SCOTT | Steamboat Springs, CO
A lot of it boiled down to none of us understanding what addiction was.
My mother suffered from chronic pain, and in my mid-teens I started experimenting with her leftover medications. For as long as I can remember, I’ve struggled with social anxiety and depression, never been comfortable in my own skin. Opioids gave me that feeling of being safe.
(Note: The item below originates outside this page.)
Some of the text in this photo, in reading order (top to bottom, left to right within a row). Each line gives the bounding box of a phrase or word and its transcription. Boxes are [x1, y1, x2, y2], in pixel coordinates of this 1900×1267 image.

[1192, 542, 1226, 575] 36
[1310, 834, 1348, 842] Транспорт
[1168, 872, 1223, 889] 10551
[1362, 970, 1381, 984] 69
It didn’t take long to cross that barrier from using socially on the weekends to needing it to get out of bed in the morning. This eventually led to in-depth heroin use, and very nearly robbed me of my life. My parents noticed my drug use, but took limited action. A lot of it boiled down to none of us understanding what addiction was, and that it was not something I would “grow out of.” This belief continued until I was 25 and hopelessly addicted to heroin.
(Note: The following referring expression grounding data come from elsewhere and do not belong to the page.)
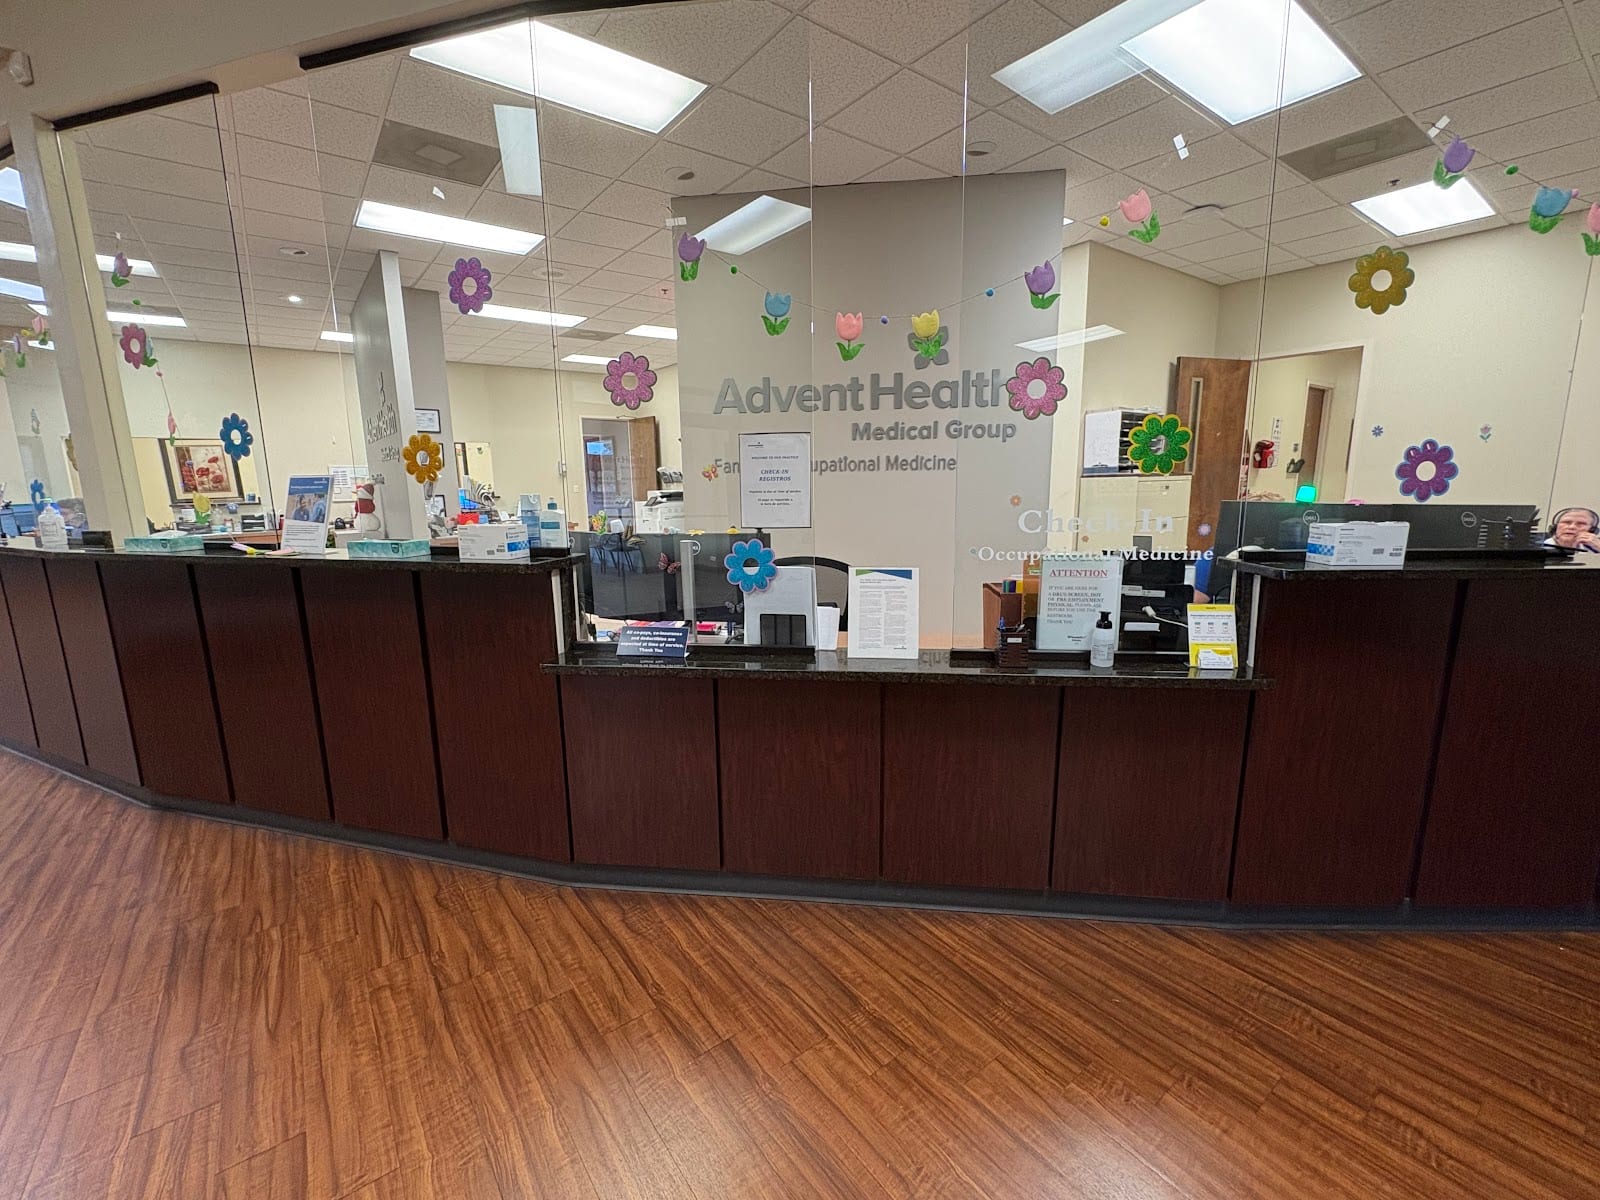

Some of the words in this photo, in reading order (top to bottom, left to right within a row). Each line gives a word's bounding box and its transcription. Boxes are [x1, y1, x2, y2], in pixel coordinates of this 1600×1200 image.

[851, 420, 939, 442] Medical
[945, 419, 1017, 443] Group
[885, 454, 956, 472] Medicine
[1119, 546, 1214, 561] Medicine
[1049, 568, 1108, 578] ATTENTION
In the years that followed treatment, my family and I have learned a lot about the reality of my addiction. My sister initially thought this was something I could learn to control, and that we’d still be able to have beers on the weekend after I completed treatment. In time, we all came to understand that this isn’t something that can be controlled easily. For others watching someone go through something similar, if you’re educated on the subject and you find a way to approach them with resources, realistic boundaries and love, they’re far more likely to accept your help and do something about it. Recovery is absolutely possible. It isn’t always pretty or easy, but it is amazing how beautiful my life is today.